EXERCISE AIM: Please output the following records exactly. Leave every image out.

Annotated photo localization data
>>>>>

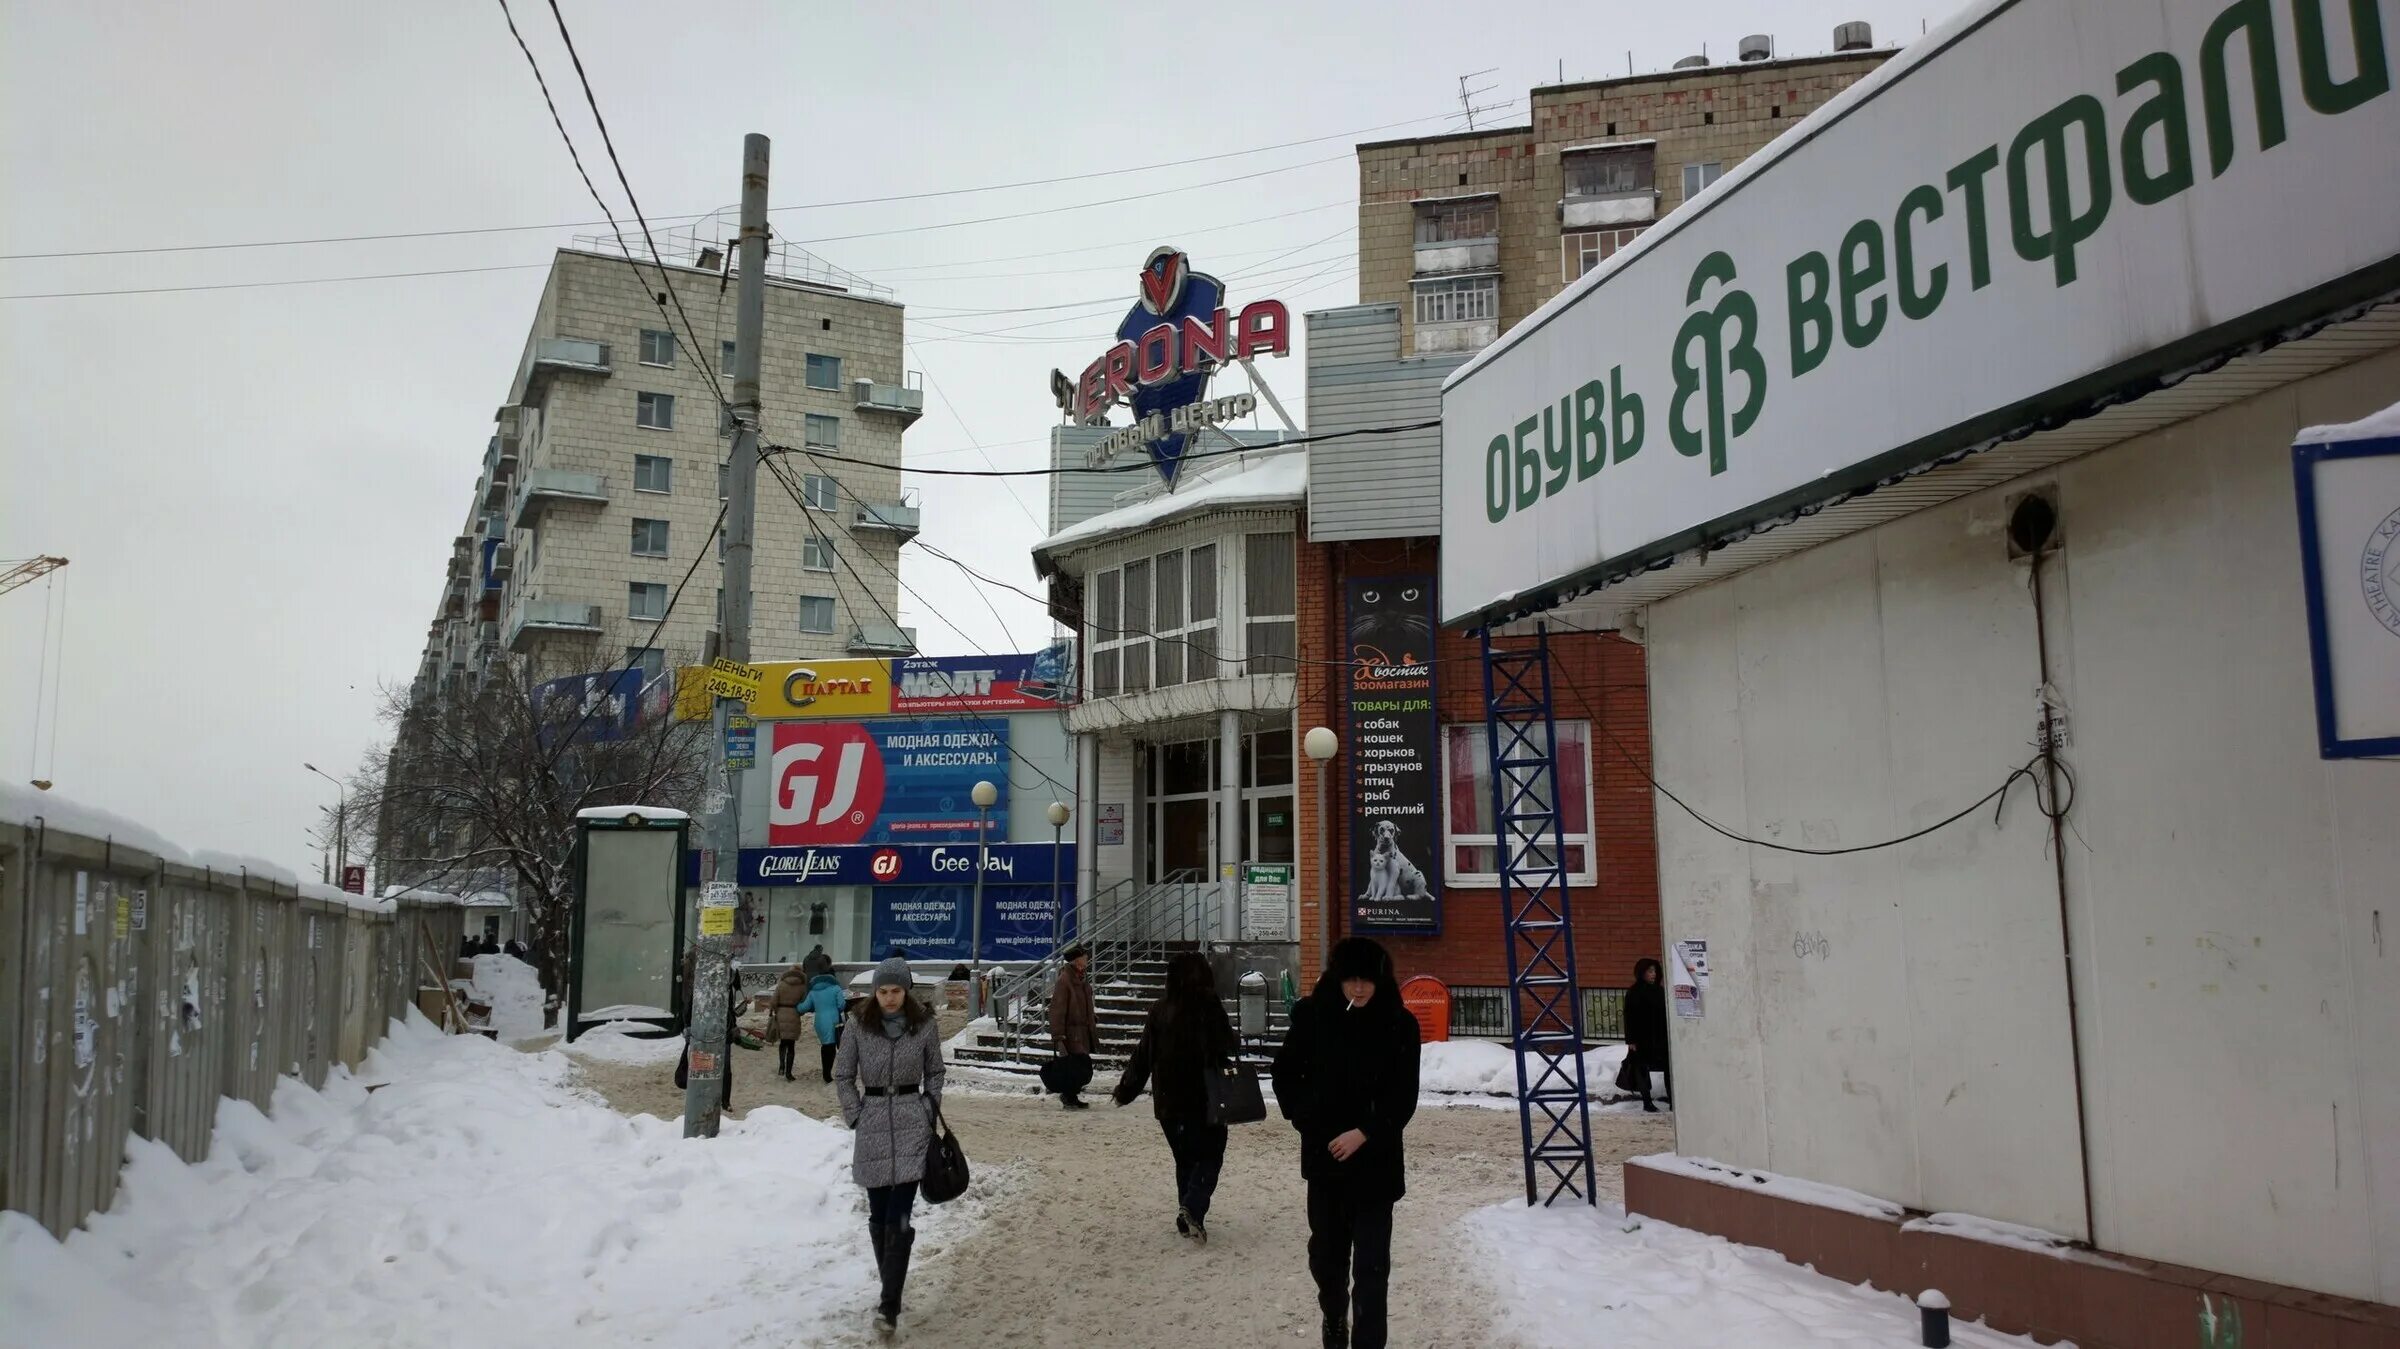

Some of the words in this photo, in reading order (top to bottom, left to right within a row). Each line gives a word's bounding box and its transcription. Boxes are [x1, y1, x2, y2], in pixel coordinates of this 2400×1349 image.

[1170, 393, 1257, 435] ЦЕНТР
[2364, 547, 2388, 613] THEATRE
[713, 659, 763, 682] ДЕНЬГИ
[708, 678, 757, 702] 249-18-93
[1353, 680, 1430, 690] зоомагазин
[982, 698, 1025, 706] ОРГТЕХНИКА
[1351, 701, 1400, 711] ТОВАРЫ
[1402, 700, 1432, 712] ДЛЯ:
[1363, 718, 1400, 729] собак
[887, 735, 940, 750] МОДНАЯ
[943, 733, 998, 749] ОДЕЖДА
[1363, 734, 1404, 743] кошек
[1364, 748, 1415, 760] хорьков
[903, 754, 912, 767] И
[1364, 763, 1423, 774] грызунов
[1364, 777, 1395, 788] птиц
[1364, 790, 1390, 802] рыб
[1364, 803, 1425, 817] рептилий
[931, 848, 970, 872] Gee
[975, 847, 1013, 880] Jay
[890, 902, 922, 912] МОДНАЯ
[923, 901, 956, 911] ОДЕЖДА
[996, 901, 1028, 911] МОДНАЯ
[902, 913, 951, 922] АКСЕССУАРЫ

<<<<<

EXERCISE OUTPUT:
Some of the words in this photo, in reading order (top to bottom, left to right within a row). Each line gives a word's bounding box and its transcription. Boxes are [x1, y1, x2, y2], in pixel coordinates of this 2400×1349 image.

[1170, 393, 1257, 435] ЦЕНТР
[2364, 547, 2388, 613] THEATRE
[713, 659, 763, 682] ДЕНЬГИ
[708, 678, 757, 702] 249-18-93
[1353, 680, 1430, 690] зоомагазин
[982, 698, 1025, 706] ОРГТЕХНИКА
[1351, 701, 1400, 711] ТОВАРЫ
[1402, 700, 1432, 712] ДЛЯ:
[1363, 718, 1400, 729] собак
[887, 735, 940, 750] МОДНАЯ
[943, 733, 998, 749] ОДЕЖДА
[1363, 734, 1404, 743] кошек
[1364, 748, 1415, 760] хорьков
[903, 754, 912, 767] И
[1364, 763, 1423, 774] грызунов
[1364, 777, 1395, 788] птиц
[1364, 790, 1390, 802] рыб
[1364, 803, 1425, 817] рептилий
[931, 848, 970, 872] Gee
[975, 847, 1013, 880] Jay
[890, 902, 922, 912] МОДНАЯ
[923, 901, 956, 911] ОДЕЖДА
[996, 901, 1028, 911] МОДНАЯ
[902, 913, 951, 922] АКСЕССУАРЫ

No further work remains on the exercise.